We swapped some AT war stories, and he warned me of the trials I'd face hiking through the Big Cypress area. Another guy driving around in an official vehicle stopped to talk to Priceless. I had to imagine it must have looked like a big bust going down to those driving by, requiring two officials to take down my hoboing ways. They'd probably be disappointed if they knew we were chatting about our AT thru-hikes. =)
Priceless asked if there was anything he could do for me, but I couldn't think of anything. I just left from my cozy hotel room earlier that morning, resupplied everything I needeed, and a cold drink was available at every intersection. I wish I could have thought of some trail magic that he'd get for me, but I couldn't think of anything.
The walked continued, straight as an arrow, mile after mile. Unlike the day before, I enjoyed the wide shoulders to walk on and the variety of scenery including restaurants, farms, nurseries, and in general, a rather nice walk minus the noise from the traffic.
Near sunset, I decided to look for a phone to call Amanda--I told her I'd give her a call that day--and upload the rest of the gripping saga known as The Long March, which I also promised to do latter that day.
I eyed a pay phone on the side of the road, and thought one more. At the next intersection, I'll use it.
And, of course, there were no more pay phones. Mile after mile. Now I started to get annoyed--I couldn't stop until I reached a pay phone!
On my map of Florida, it showed an enormous intersection five miles up ahead, and I figured THAT would be the next gas station and the next pay phone. I ambled up, long after dark, excited about finishing, and.... nothing. Not a darn thing at the intersection.
The next phone that I *knew* was available was another five miles ahead, at the intersection with highway 41. Five more agonizing miles....
I walked until 9:30 before I finally reached the gas station at highway 41. The last few miles, I gazed longingly at places to stealth camp, but promises were made. I needed a pay phone, and onward I trudged.
At the phone, I checked e-mail, noticing that Priceless had already posted a comment to my blog. =)
I called Amanda, the last time I knew I'd be able to reach her for several days.
And I uploaded the conclusion of the Long March.
Now I could go to sleep.
An Indian casino stood diagnolly across the street, and I waddled over to ask about room rates. I didn't originally plan to stay a second night in a hotel, but it was right there and I was badly tired.

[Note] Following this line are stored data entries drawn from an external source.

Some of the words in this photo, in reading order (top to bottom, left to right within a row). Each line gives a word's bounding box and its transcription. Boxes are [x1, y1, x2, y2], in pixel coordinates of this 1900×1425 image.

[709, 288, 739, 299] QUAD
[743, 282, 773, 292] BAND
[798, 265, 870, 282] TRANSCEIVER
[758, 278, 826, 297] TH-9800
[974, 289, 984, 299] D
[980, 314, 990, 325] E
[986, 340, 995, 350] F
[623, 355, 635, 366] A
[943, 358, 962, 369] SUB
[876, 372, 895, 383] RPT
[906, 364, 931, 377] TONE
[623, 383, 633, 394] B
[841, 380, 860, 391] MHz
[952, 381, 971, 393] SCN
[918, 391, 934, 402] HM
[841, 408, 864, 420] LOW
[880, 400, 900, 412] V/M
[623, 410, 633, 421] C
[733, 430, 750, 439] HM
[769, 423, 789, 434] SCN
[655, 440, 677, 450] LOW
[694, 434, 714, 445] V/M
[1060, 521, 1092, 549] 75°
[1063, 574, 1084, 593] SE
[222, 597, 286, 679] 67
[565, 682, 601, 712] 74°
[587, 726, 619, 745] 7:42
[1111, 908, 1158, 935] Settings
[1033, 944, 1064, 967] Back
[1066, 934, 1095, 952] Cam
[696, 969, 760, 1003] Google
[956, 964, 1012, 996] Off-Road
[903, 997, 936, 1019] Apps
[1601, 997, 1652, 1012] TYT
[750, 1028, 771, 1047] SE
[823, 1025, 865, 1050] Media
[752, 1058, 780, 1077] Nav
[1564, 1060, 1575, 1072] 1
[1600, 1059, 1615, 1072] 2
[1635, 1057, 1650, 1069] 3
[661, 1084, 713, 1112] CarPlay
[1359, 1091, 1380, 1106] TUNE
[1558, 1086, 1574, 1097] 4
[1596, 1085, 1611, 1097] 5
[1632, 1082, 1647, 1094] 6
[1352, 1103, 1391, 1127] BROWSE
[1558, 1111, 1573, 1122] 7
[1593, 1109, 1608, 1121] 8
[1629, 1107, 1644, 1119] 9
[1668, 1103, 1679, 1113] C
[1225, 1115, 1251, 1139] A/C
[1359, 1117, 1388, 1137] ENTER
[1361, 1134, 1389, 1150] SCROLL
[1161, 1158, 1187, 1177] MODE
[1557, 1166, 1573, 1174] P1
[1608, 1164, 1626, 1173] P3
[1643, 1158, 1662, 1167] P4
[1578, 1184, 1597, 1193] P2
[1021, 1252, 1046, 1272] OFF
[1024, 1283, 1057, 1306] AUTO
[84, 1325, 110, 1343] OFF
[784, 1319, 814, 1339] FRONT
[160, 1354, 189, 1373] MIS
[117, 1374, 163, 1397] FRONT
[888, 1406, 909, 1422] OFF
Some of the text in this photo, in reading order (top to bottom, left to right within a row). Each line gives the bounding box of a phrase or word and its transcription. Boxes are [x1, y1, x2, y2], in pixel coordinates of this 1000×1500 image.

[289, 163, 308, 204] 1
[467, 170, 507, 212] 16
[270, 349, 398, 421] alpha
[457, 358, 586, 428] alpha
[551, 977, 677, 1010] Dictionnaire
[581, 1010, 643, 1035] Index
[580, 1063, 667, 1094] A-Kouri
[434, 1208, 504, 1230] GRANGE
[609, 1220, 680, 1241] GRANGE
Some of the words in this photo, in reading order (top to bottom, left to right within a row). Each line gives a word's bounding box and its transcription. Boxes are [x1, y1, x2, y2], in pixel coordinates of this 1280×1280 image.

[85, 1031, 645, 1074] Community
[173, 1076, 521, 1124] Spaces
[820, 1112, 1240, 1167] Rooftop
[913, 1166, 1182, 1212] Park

The lights were blazing, smoke dribbled out the door the moment I pushed it open, and was assaulted by the sounds of people loosing their money to the one-armed bandits. I walked up to the registration desk.
"How much is your cheapest room?"
The well-dressed gentleman behind the counter told me, "That would be $149, sir."
"Is that a joke?" went through my head, but I was tongue-tied. Maybe I misheard him over the noise of the casino? "A hundred and forty....?"
"Nine," he finished. "One hundred and forty nine."
"That's WAAAAY out of my budget," and I turned around and left.
Never tell me the cheapest room available is $149 when I have all the camping equipment I need on my back!
I was not happy about having to now find a place to stealth camp, however.
I didn't spend much time looking for a place either. I walked east on highway 41 for less than five minutes before careening into the trees and setting up camp, still within view of the hotel. I wondered if that empty $149 per night room was watching me now.
Then I took off my shoes and went to sleep.